I went to two parties this past week, and both were, in their way, quite memorable. Firstly, the Minnesota Opera has a club, of sorts, designed to drum up interest in younger people. Opera tickets can be pretty spendy, and opera is seen as a sort of rarefied world. So how do you get young people involved? Quite smartly, as it turns out. This club, Tempo, decided to throw a party on the 10th anniversary of Baz Luhrmann's entirely preposterous film "Moulin Rouge!"

Burlesque in front of "Moulin Rouge!"
MinnPost photo by Max Sparber
Burlesque in front of "Moulin Rouge!"

If you've seen the film, you know that it's a rather dopey love story, set in fin de siècle Paris at the eponymous cabaret, in which Ewan McGregor woos Nicole Kidman by singing Elton John songs as she dies of whatever makes people cough blood in a handkerchief every once in a while, but otherwise show no symptoms of any illness. Despite its perfectly idiotic storyline, the film manages, at least for its first half, to be an utterly enjoyable confection, a pyrotechnic wonder of jump cuts, bombastic choreography, and an astonishing soundtrack of anachronistic pop songs. When you have an entire room full of top-hatted men dancing together and singing "Smells Like Teen Spirit," well, you've got something.
 
Why "Moulin Rouge"? Because its idiotic narrative is stolen, in part, from Minnesota Opera's next production, "La Traviata," in which a courtesan finds true love and then dies from tuberculosis — the story works quite a bit better when addressed by Verdi. But I suspect the film was also selected because it has a bit of a cult following, and so Tempo showed it in the only venue in the Twin Cities where it makes perfect sense: The Varsity Theater, which looks like somebody has taken over a basement bistro in bombed-out Dresden and thrown glitter everywhere. And Tempo didn't just show the film, they made it a proper event, in the style of Sid Grauman, who built the Chinese Theater in Hollywood and would always begin a film with an elaborate floor show.
 
So Tempo invited fortune tellers to set up camp in the building's nooks, where they did rather typical cold readings ("There's a blond in your life who is rather important. No? There must be somebody with blond hair. Light colored hair?") In the balcony, a photographer set up a Moulin Rouge-themed canvas backdrop and photographed people on a park bench, digitally manipulating the photograph so it was sepia and had that blurry oval framing we associate with early photography. And, on the stage, there was Cafe Accordion, a local band that plays the sort of music you might imagine Maurice Chevalier would have on his iPod, had he lived long enough to have an iPod. Tango dancers danced, opera singers offered a selection or two from "La Traviata," and, when the movie started, dancers performed burlesques in front of the screen as the audience sang along with the pop songs on the movie's soundtrack.

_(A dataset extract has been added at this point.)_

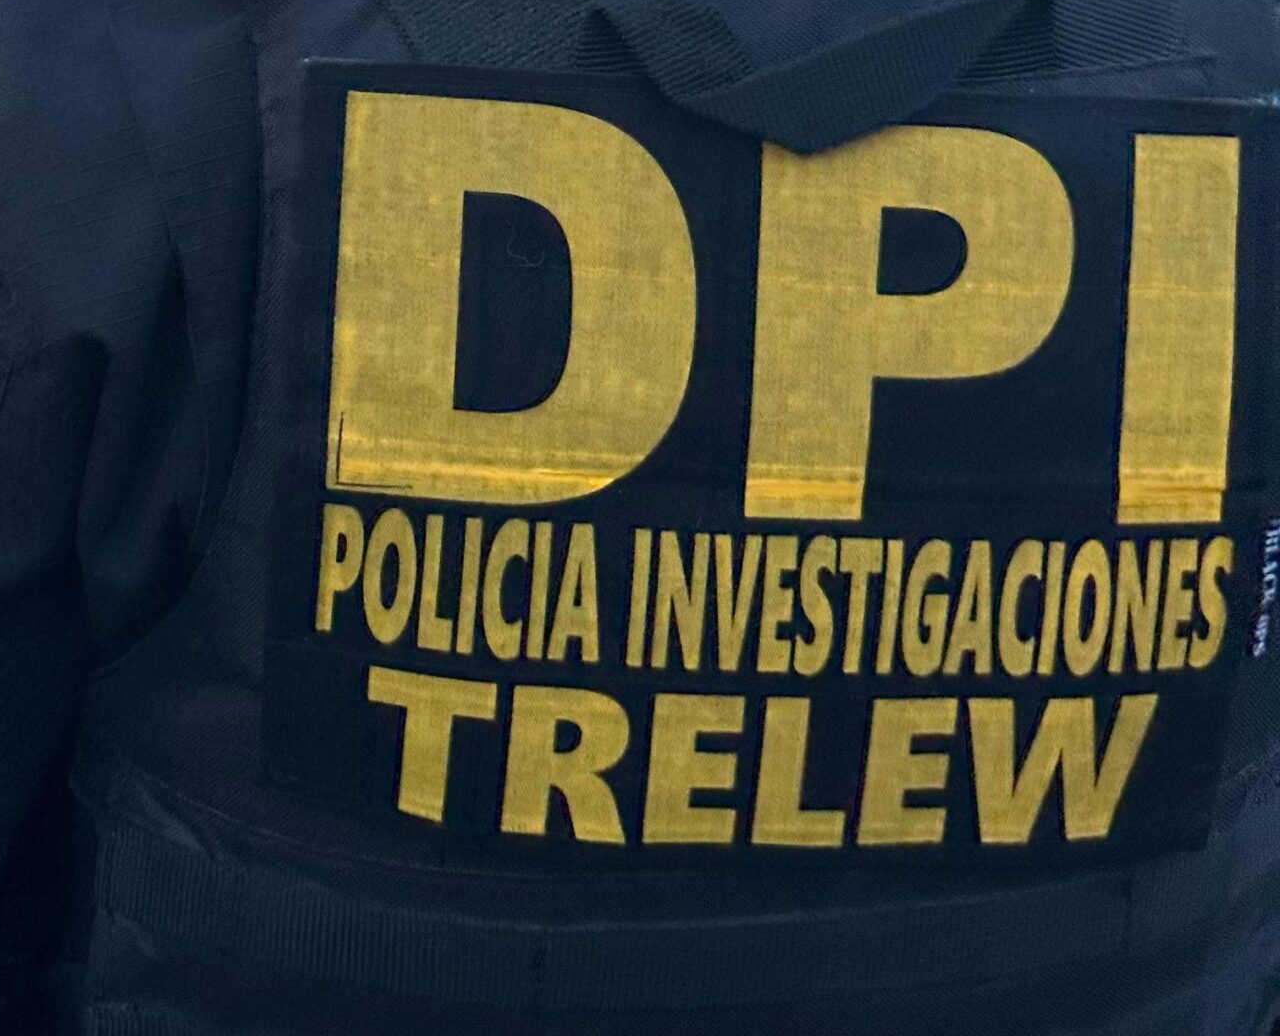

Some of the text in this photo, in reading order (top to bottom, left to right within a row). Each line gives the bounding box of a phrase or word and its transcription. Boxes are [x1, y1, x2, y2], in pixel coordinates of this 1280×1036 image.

[326, 91, 1240, 525] DPI
[316, 505, 1234, 678] POLICIA INVESTIGACIONES
[367, 667, 1158, 848] TRELEW

Max gets his fortune told at a Minnesota Opera party
Photo by Coco Mault
Max gets his fortune told at a Minnesota Opera party

All told, it was well done, although my one piece of advice is that there should have been a specialty cocktail. There should always be a specialty cocktail. Absinthe is drunk in the film, and it's legal again in the U.S. There should have been absinthe. Then, when Kylie Minogue leaps off a bottle of the liqueur in the film, quite literally taking the role of La Fee Verte, it would have seemed a delightful hallucination, rather than ridiculous.
 
Last night I went to Minneapolis St. Paul Magazine's Best of the Twin Cities party, up atop the IDS building in a banquet space called Windows on Minnesota, which, once upon a time, was the building's observation room, and has an extraordinary panoramic view of downtown Minneapolis. The last time I was up here, the top of the IDS also had a museum called "UFO Alert," as I recall it, which focused on human contact with the extraterrestrial. But I seem to be the only person alive who remembers this museum, which wouldn't surprise me, as, whenever I went, I was the only person there. But it's all starting to feel like some strange "Twilight Zone" episode, in which I was the only one who ever went to the museum, and, for everybody else, it didn't exist at all. So I make a habit of mentioning it when I get a chance, in publications like this one, in the hopes that somebody can confirm my memory, and provide some physical proof. Without it, I am simply going to go ahead and presume I was actually abducted repeatedly by aliens, and this is how I am choosing to remember it.
 
But I was talking about the Best Of party. It was purely commercial, for the most part consisting of booths set up by vendors who had been declared the best of something or other. They served food samples, most of which I couldn't eat, as I have the dietary restrictions of a pet cat who has been losing its hair and vomiting in shoes. They also had cocktails, served by a Polish vodka company called Sobieski. Now, this is a very good vodka, made from rye, which gives it a bold enough flavor that it can be drunk straight and be quite enjoyable. But Americans have always been a bit odd about vodka. They like it, because they are afraid of brown liquors, and positively terrified of gin. So vodka, which is relatively flavorless, can easily be mixed with stuff that Americans already know they find palatable, such as chocolate, or Red Bull, or orange juice. However, as Americans are also easily bored, eventually they were going to want vodka with some flavor to it, and so the phenomenon of steeping things like strawberries or melons in vodka became popular in trendy nightclubs a few years ago. And so vodkas started releasing their own flavored vodkas to capitalize on the trend. And that's the tale of how Americans started drinking schnapps without having any clue that's this is what they were doing.
 
So Sobieski was there with orange vodka, and they had three cocktails made with them, which went from bad to worse — one, called a fizz and made with orange juice and vanilla vodka atop the orange vodka, tasted alarmingly like those Orange Creamy ice cream bars that seem intended to send you into a diabetic coma.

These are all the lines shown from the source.